[Free-text object descriptions]

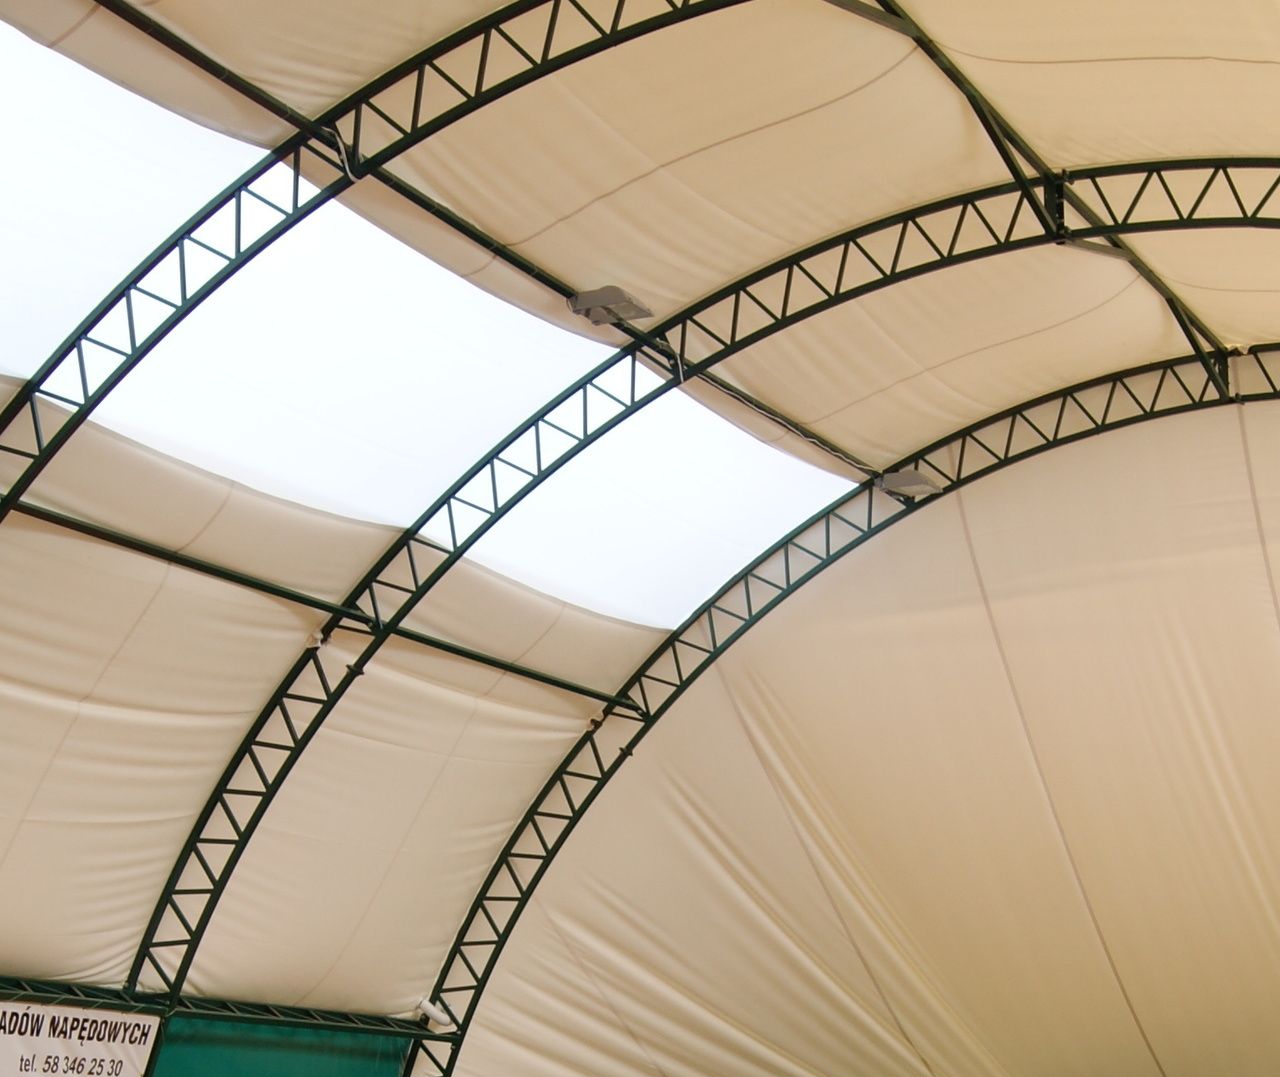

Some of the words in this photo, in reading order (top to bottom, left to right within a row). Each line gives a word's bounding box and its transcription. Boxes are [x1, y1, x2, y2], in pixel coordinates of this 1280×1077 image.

[48, 1015, 151, 1046] NAPĘDOWYCH
[19, 1054, 37, 1072] tel.
[43, 1055, 59, 1073] 58
[63, 1056, 86, 1075] 346
[88, 1058, 105, 1076] 25
[107, 1059, 123, 1077] 30
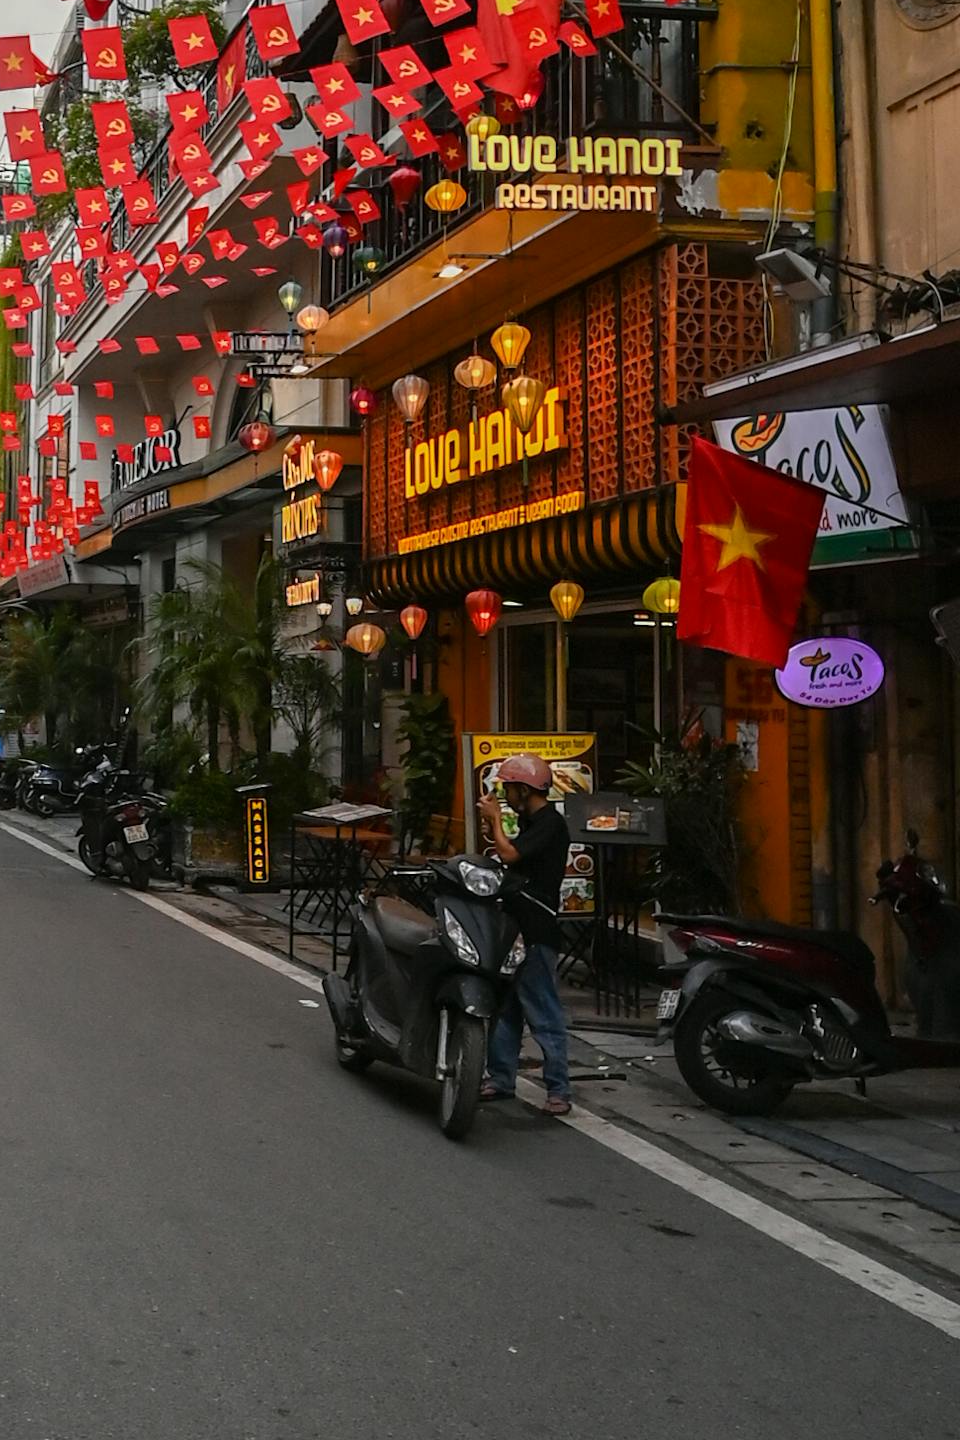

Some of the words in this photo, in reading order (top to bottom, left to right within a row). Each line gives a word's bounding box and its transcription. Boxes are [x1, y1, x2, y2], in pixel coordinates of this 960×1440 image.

[569, 135, 683, 176] HANOI
[496, 183, 657, 212] RESTAURANT
[405, 428, 461, 499] LOVE
[837, 508, 879, 530] more
[250, 800, 265, 880] MASSAGE

Goal of the exercise: Exclude the pictures, then write out every record exactly as it stands.

Problem solution:
Some of the words in this photo, in reading order (top to bottom, left to right within a row). Each line gives a word's bounding box and its transcription. Boxes are [x1, y1, x2, y2], in pixel coordinates of this 1280×1077 image.

[48, 1015, 151, 1046] NAPĘDOWYCH
[19, 1054, 37, 1072] tel.
[43, 1055, 59, 1073] 58
[63, 1056, 86, 1075] 346
[88, 1058, 105, 1076] 25
[107, 1059, 123, 1077] 30

Some of the words in this photo, in reading order (top to bottom, left to right within a row). Each line gives a word's bounding box and its transcription. Boxes are [x1, y1, x2, y2], in pixel coordinates of this 960×1440 image.

[569, 135, 683, 176] HANOI
[496, 183, 657, 212] RESTAURANT
[405, 428, 461, 499] LOVE
[837, 508, 879, 530] more
[250, 800, 265, 880] MASSAGE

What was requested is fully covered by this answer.